Problem statement: Pull every "JESUS" line out of the data below.

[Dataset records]

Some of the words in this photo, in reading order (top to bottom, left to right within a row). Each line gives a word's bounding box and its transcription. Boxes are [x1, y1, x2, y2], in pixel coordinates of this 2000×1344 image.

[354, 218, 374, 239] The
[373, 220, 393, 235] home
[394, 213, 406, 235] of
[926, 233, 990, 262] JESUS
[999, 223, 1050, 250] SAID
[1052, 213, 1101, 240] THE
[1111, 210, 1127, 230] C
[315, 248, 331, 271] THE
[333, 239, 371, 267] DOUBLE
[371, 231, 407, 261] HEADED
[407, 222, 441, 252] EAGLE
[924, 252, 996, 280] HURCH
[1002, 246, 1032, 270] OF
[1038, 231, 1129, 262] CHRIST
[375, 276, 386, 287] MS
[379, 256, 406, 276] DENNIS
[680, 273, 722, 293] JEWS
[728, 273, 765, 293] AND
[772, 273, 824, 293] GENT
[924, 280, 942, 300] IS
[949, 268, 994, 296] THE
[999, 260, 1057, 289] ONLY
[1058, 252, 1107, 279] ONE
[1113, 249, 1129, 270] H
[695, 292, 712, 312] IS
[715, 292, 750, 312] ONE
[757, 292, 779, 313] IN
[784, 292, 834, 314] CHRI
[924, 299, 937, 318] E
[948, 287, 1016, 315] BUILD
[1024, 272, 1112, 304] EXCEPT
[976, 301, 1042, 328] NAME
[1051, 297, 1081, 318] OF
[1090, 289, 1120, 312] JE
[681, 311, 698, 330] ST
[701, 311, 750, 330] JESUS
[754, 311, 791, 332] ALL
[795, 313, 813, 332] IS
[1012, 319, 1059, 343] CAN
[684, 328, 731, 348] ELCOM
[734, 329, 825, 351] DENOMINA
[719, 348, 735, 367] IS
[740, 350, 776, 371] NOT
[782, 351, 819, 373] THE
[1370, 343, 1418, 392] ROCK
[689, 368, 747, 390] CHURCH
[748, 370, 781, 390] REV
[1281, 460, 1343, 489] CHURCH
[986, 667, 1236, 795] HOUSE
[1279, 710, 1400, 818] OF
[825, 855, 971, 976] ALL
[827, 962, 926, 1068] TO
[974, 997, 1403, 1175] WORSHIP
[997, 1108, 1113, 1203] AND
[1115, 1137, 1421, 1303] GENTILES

Response for this exercise:
[926, 233, 990, 262] JESUS
[701, 311, 750, 330] JESUS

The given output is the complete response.